I am currently trying to assist with a couple of long standing Service Requests. This type of work is interesting because the issue is normally pretty deep rooted and complicated. These escalations are also very challenging because lots of very intelligent people have already spent a lot of man-hours investigating the problem.
Anyway, one of the first steps is to review associated Service Requests and try to determine whether they are indeed related to the issue under investigation.
The opening paragraph of one such SR contained this bold assertion from the customer: ‘As you can see, we have populated the interface tables correctly and EIM still doesn’t work.’
This was a interesting statement and was directly related to the problem I was looking at. This statement went unchallenged by Technical Support so I took it at face value and continued my analysis.
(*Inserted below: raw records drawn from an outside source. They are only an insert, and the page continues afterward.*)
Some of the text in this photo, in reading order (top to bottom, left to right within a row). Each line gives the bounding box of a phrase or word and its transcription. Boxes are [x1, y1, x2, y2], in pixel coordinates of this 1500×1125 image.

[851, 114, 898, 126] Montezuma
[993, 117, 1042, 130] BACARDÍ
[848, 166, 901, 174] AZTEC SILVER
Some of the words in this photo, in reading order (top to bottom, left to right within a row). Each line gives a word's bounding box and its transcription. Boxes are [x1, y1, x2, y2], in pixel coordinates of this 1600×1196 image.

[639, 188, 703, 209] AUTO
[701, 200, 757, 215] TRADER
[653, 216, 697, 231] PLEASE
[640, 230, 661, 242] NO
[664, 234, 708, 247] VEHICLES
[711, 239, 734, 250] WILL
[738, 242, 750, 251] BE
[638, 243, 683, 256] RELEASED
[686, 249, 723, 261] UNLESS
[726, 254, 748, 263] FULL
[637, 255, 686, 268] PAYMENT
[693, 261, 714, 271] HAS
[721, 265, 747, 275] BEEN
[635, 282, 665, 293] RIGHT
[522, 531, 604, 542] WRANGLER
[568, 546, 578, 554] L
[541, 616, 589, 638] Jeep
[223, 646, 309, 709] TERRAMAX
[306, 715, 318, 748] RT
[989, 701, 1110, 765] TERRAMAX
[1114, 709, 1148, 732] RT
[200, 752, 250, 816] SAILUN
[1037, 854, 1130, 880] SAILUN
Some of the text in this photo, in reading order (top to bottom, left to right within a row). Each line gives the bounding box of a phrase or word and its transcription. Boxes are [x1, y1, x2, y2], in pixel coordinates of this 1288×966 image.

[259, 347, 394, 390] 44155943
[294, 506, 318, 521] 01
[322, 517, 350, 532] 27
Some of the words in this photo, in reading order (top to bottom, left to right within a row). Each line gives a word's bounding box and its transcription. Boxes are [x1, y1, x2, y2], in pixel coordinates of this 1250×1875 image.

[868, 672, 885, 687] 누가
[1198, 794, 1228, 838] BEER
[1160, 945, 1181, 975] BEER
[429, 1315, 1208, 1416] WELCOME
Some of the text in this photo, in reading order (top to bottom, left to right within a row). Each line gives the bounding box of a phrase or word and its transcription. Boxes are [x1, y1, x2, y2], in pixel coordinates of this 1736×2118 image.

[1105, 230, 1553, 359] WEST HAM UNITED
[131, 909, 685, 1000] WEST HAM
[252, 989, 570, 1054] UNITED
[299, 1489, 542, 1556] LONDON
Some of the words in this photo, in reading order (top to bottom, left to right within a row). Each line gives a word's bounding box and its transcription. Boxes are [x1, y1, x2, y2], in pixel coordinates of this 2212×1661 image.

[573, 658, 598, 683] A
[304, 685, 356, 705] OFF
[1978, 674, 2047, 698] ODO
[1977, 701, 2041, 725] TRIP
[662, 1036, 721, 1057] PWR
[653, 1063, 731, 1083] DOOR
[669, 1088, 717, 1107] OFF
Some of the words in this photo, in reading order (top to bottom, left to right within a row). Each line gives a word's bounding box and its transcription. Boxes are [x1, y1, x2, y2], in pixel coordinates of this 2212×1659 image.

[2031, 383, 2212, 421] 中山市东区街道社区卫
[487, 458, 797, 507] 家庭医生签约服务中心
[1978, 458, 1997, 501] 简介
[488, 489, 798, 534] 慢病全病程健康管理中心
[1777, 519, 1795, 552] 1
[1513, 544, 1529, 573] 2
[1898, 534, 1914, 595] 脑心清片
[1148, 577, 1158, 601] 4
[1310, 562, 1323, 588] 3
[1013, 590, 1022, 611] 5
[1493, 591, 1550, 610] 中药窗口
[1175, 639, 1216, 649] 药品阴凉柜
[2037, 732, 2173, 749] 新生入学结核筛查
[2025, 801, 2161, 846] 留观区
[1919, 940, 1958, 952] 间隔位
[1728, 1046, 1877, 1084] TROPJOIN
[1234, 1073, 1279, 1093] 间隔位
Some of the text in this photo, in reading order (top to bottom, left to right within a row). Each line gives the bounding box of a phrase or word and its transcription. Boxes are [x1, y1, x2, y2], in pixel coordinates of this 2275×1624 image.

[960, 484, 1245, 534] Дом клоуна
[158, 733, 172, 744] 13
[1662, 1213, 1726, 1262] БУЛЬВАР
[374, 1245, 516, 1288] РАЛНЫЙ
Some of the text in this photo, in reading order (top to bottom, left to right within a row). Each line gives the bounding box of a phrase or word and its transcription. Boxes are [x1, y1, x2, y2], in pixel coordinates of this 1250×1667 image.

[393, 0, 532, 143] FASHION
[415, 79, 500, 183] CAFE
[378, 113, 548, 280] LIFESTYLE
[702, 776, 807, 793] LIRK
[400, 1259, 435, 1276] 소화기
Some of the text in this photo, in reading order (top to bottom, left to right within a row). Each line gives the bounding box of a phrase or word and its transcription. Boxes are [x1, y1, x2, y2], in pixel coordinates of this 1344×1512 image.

There was further empirical evidence that this data load would fail as changes to the corresponding meta-data in the Siebel Repository had been made in version 7.8. A user key definition on this table had been inactivated which was previously present in 7.5. Interesting.
A few hours later, I returned to this SR as I was about to actually try loading data into the same Siebel tables. This seemed rather pointless if it wasn’t going to work. However, I started from scratch, read the documentation and created my own simple test case for a single record.
Sure enough, the customer was correct. Even though, I had populated the correct columns in the correct interface table with the correct data, Siebel failed to populate the target tables.
However, when I reviewed the EIM log files more carefully, the errors were the conventional (foreign key lookup failed) type. I fixed the test data, re-ran the load script and sure enough data appeared in the target tables and was visible in the Siebel application.
So, the customer was actually mistaken and I suspect his bold assertion including the four little words ‘As you can see’ also misled the technical support engineer.
Last night, my son told me that playing World of Warcraft was much, much quicker since the recent broadband upgrade from 4Mb to 10Mb. This made sense as online gaming presumably needs lots of bandwidth and Virgin customer services told me the upgrade would be effective from last Friday.
Out of curiosity, I downloaded a 100MB file (twice) and looked at the download speeds which were in the range 360-390 KB/sec. Quick but less than you would expect for a 10Mb connection.
I called my friends at Virgin Media to check the status of my broadband upgrade. Sure enough, contrary to what I was told, the 10Mb upgrade will only be activated on 23 March when the engineer installs the V+ box.
So, unless you see it with your own eyes, it didn’t happen.